[Given information — start]

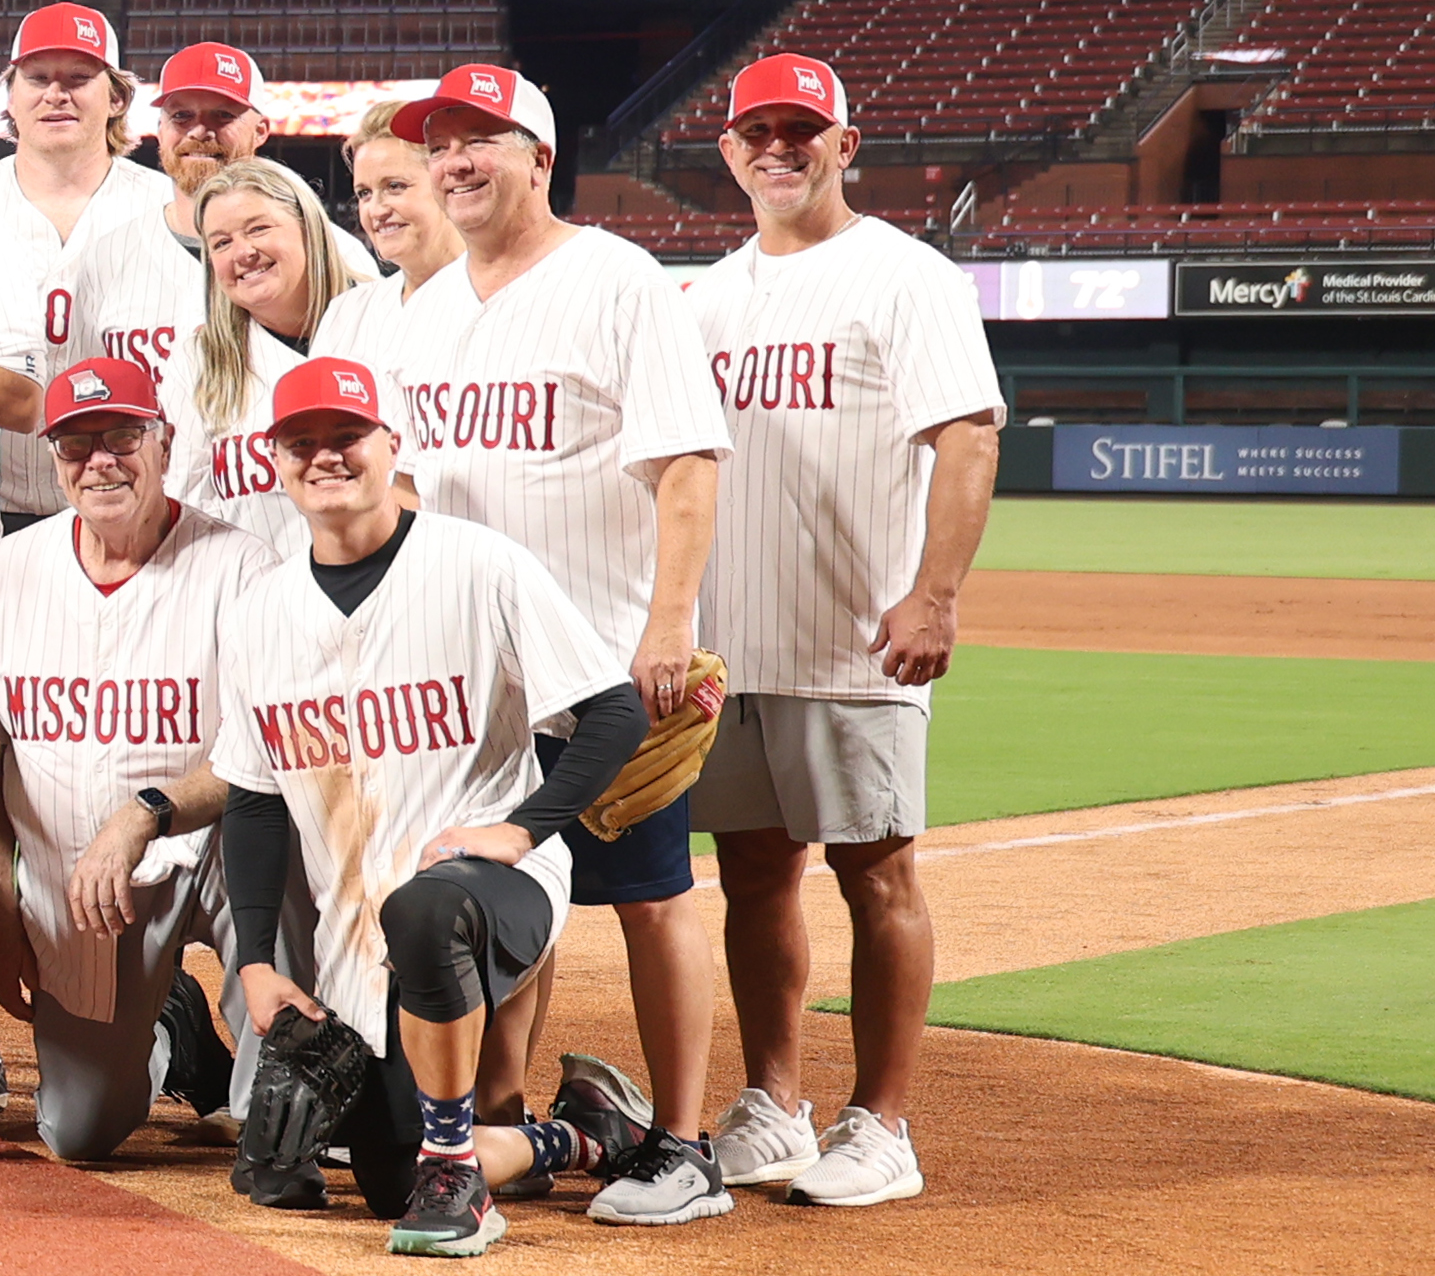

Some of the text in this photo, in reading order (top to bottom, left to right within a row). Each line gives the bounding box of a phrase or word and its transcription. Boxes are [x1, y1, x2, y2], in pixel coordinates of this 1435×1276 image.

[1209, 276, 1290, 309] Mercy
[1322, 273, 1424, 287] Medical Provider
[1322, 290, 1336, 303] of
[1336, 290, 1355, 304] the
[1356, 290, 1371, 303] St.
[1372, 290, 1400, 303] Louis
[1090, 436, 1363, 482] STIFEL WHERE SUCCESS
[1236, 465, 1362, 479] MEETS SUCCESS
[4, 673, 202, 746] MISSOURI
[253, 674, 476, 773] MISSOURI

[Given information — finish]

Your goal — Write out each entry above once more, exactly as written, and drop the pictures.

Response area —
Some of the text in this photo, in reading order (top to bottom, left to right within a row). Each line gives the bounding box of a phrase or word and its transcription. Boxes are [x1, y1, x2, y2], in pixel coordinates of this 1435×1276 image.

[1209, 276, 1290, 309] Mercy
[1322, 273, 1424, 287] Medical Provider
[1322, 290, 1336, 303] of
[1336, 290, 1355, 304] the
[1356, 290, 1371, 303] St.
[1372, 290, 1400, 303] Louis
[1090, 436, 1363, 482] STIFEL WHERE SUCCESS
[1236, 465, 1362, 479] MEETS SUCCESS
[4, 673, 202, 746] MISSOURI
[253, 674, 476, 773] MISSOURI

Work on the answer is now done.